The patient is now in the hospital recovering from the injuries suffered in the accident as well as the original illness. The two female medics were also injured and taken to a hospital along with the patient. The ambulance itself was most likely totaled due to driver negligence.
The accident occurred about 2 a.m. Cherokee County Fire and Emergency Services responded after the driver called 911 to inform that there was an accident and the patient had been ejected. The Georgia State Patrol charged the driver, a 32-year-old female of Rome, with driving too fast for conditions.
The patient probably has a personal injury action against the ambulance company and its driver. She was likely guilty of driver negligence in not having the vehicle under proper enough control.

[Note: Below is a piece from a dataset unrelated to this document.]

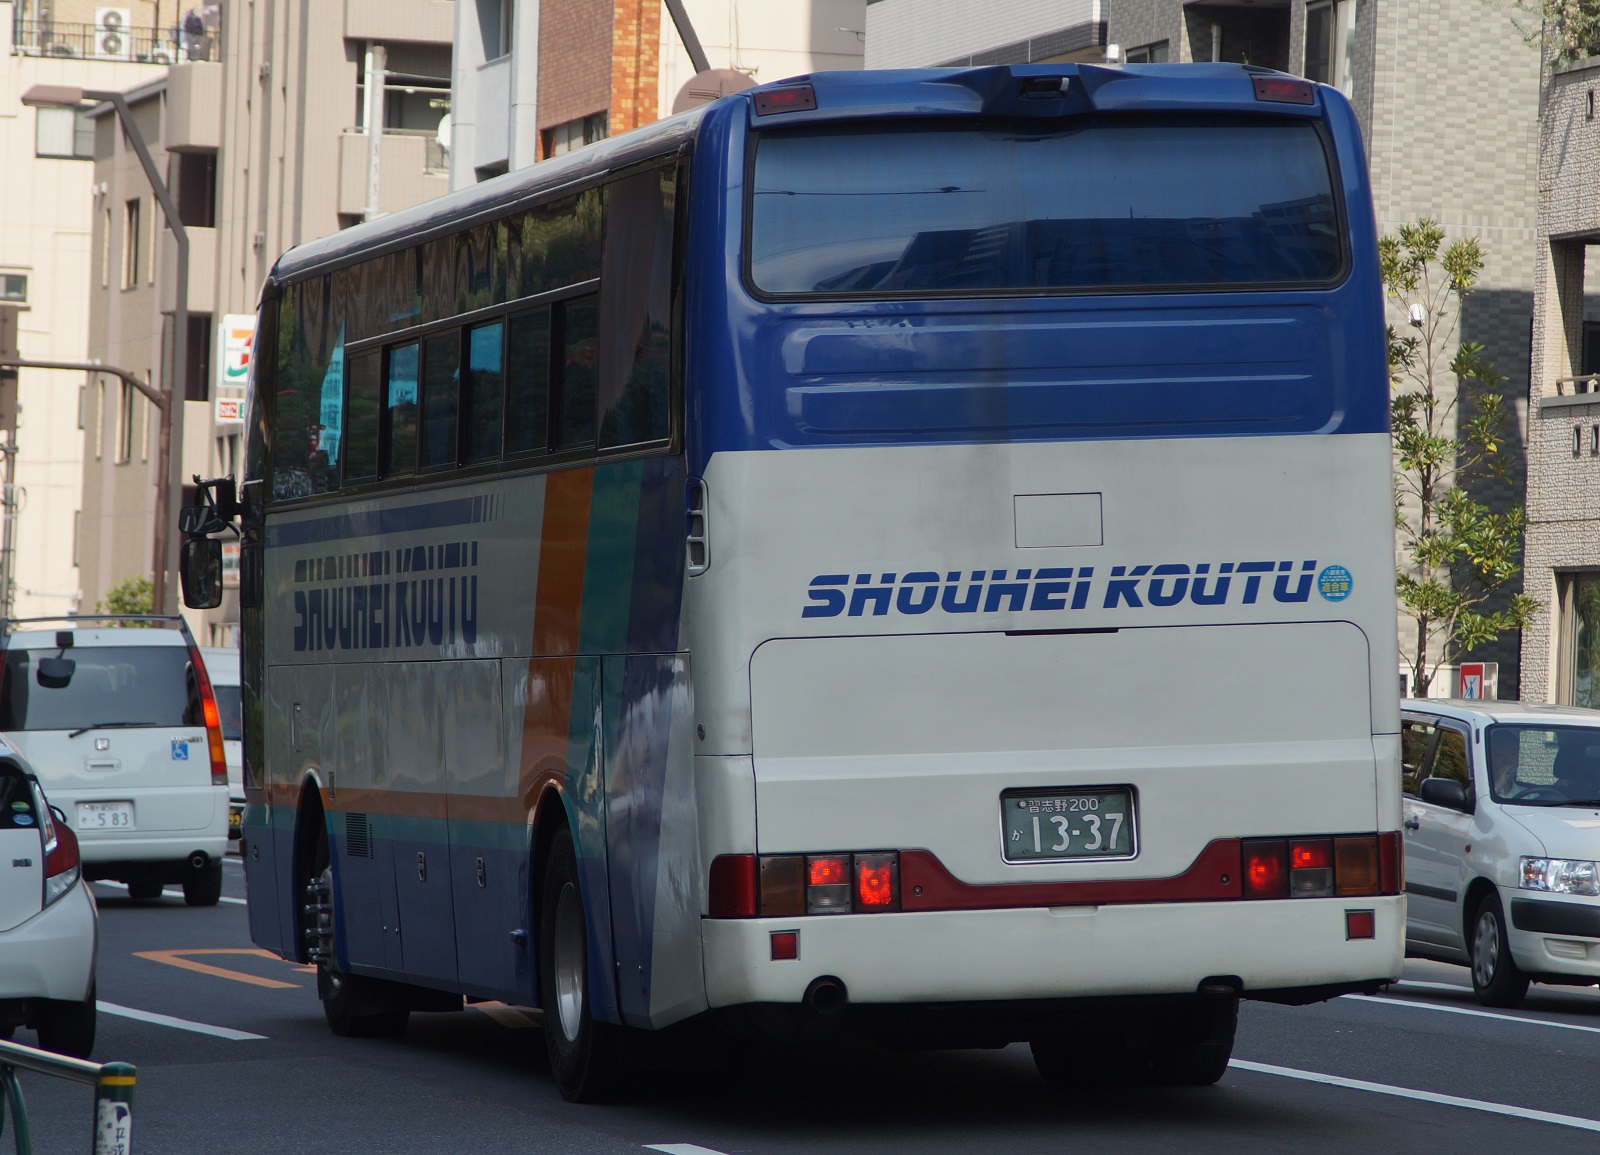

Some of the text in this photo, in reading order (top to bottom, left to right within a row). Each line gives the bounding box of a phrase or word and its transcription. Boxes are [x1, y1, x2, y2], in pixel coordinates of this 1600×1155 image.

[294, 541, 478, 651] SHOUHEI KOUTU
[802, 560, 1318, 618] SHOUHEI KOUTU
[1011, 813, 1124, 853] か 13-37

Her driver negligence is imputed by law to her employer, making the employer liable for personal injury caused by the employee’s negligence.
The road was reportedly wet at the time and that would necessitate a slower pace of operation and a closer focus for curves that might have become slippery. Georgia prohibits such aggressive driving, even with respect to emergency vehicles, if it creates an unreasonable risk of injury or death to others. The medics will be able to bring worker’s compensation claims for their injuries, which occurred at work.